§ Required action: Each record should be copied exactly into the answer, and no picture should go with it.

§ Records provided:

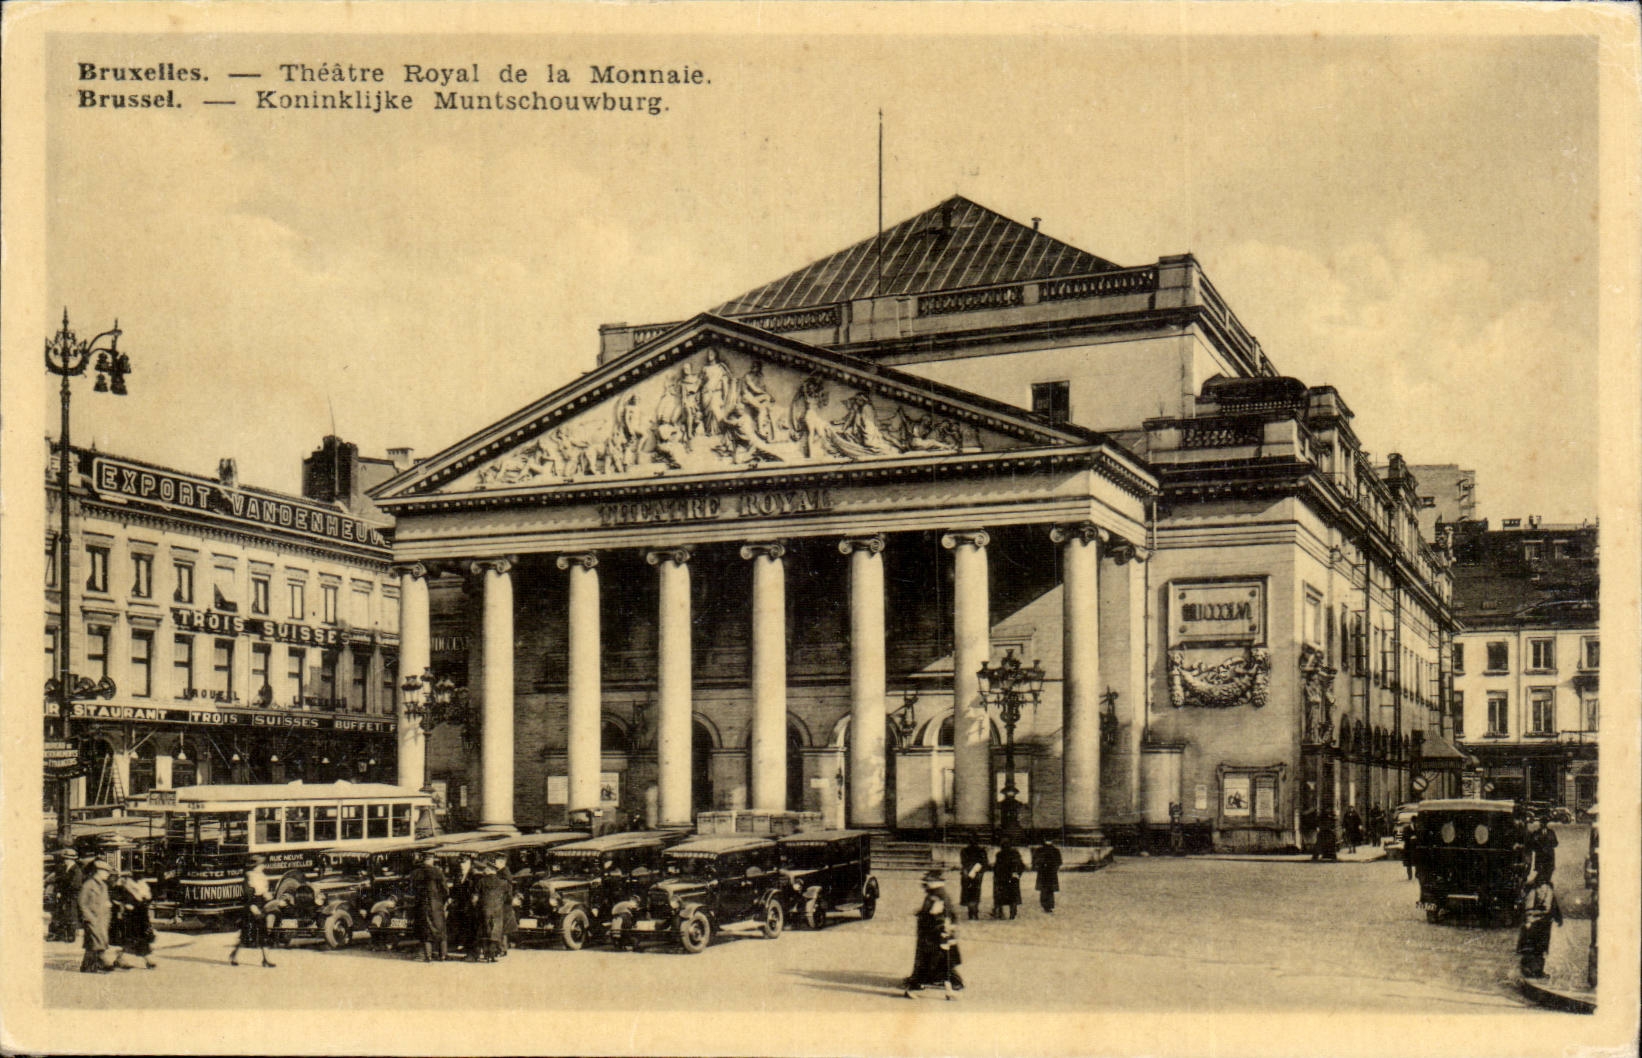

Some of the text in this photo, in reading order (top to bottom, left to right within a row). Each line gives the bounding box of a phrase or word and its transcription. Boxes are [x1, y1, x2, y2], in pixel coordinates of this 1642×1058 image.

[102, 464, 210, 508] EXPORT
[738, 489, 834, 518] ROYAL
[179, 610, 350, 645] TROIS SUISSES
[49, 703, 168, 720] RSTAURANT
[191, 712, 238, 724] TROIS
[254, 714, 319, 728] SUISSES
[335, 720, 380, 732] BUFFET
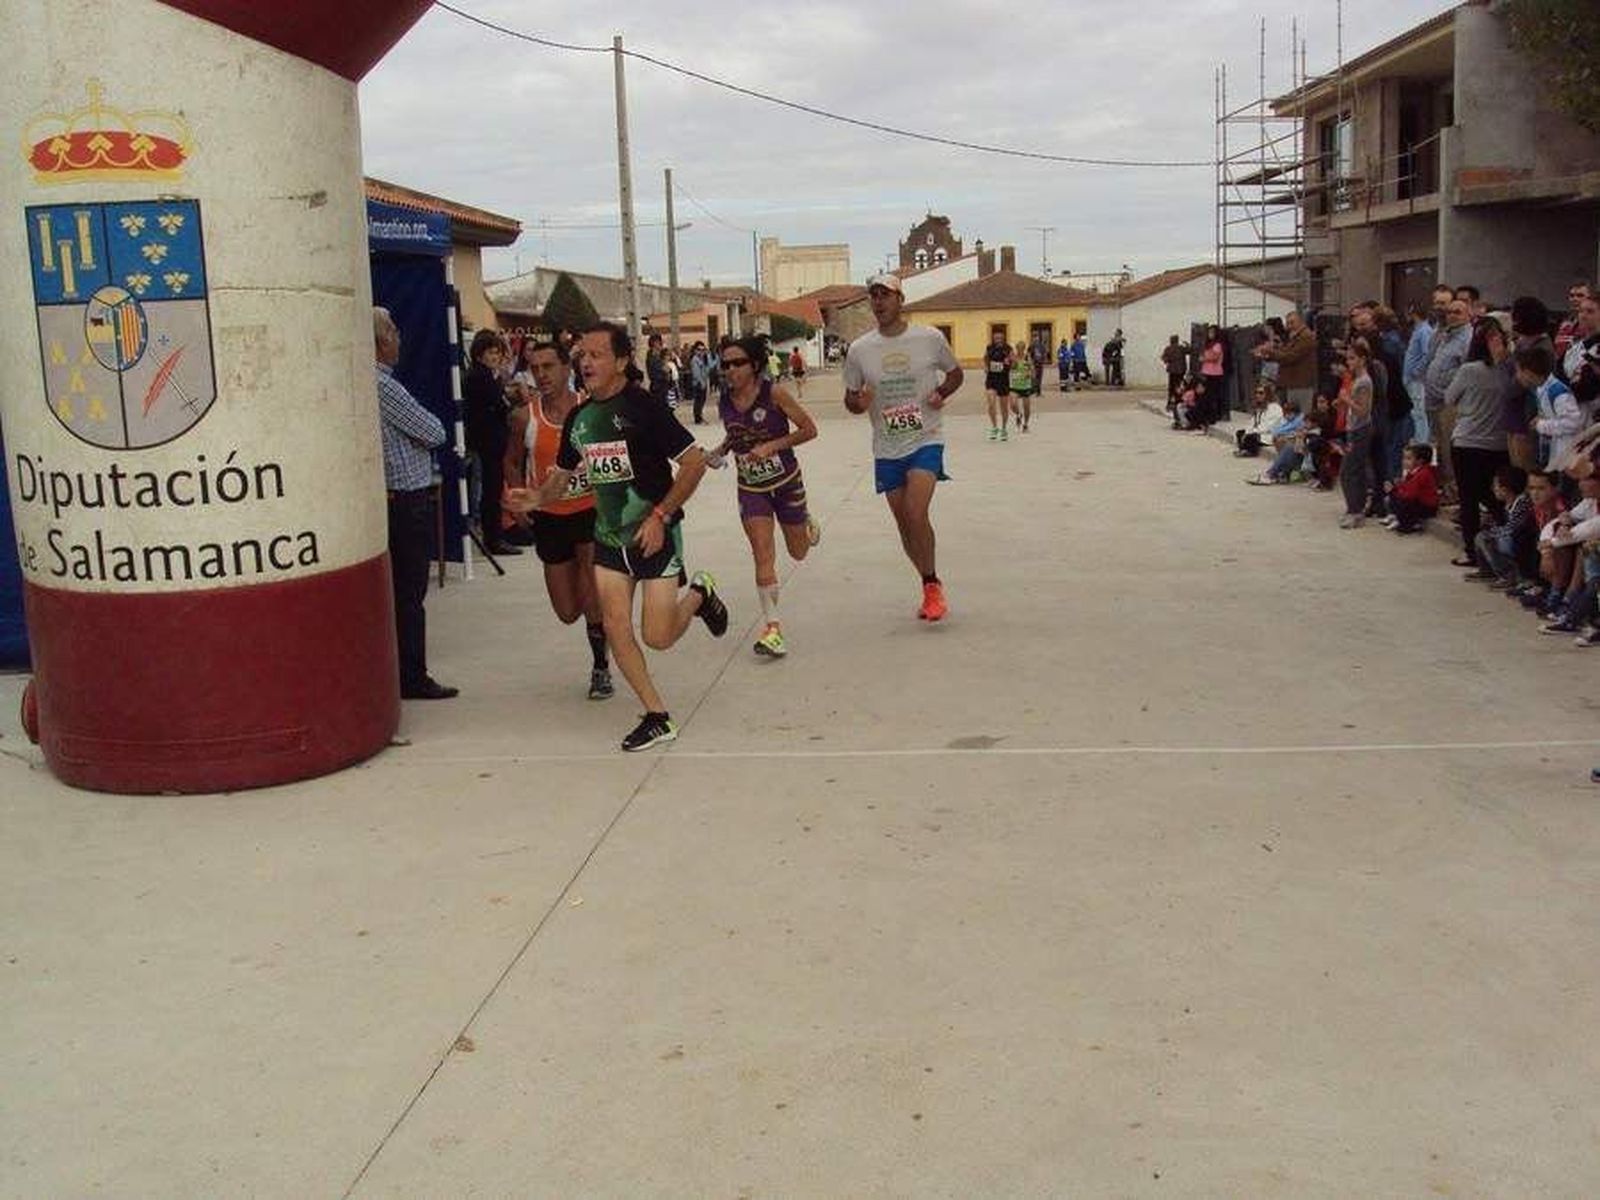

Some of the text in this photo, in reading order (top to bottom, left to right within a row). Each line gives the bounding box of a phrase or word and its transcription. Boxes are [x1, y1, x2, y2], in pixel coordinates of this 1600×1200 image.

[889, 413, 916, 430] 458
[593, 457, 622, 474] 468
[16, 451, 284, 518] Diputación
[47, 529, 320, 581] Salamanca

§ Task answer:
Some of the text in this photo, in reading order (top to bottom, left to right within a row). Each line gives the bounding box of a phrase or word and its transcription. Boxes are [x1, y1, x2, y2], in pixel coordinates of this 1642×1058 image.

[102, 464, 210, 508] EXPORT
[738, 489, 834, 518] ROYAL
[179, 610, 350, 645] TROIS SUISSES
[49, 703, 168, 720] RSTAURANT
[191, 712, 238, 724] TROIS
[254, 714, 319, 728] SUISSES
[335, 720, 380, 732] BUFFET

Some of the text in this photo, in reading order (top to bottom, left to right within a row). Each line gives the bounding box of a phrase or word and its transcription. Boxes are [x1, y1, x2, y2], in pixel coordinates of this 1600×1200 image.

[889, 413, 916, 430] 458
[593, 457, 622, 474] 468
[16, 451, 284, 518] Diputación
[47, 529, 320, 581] Salamanca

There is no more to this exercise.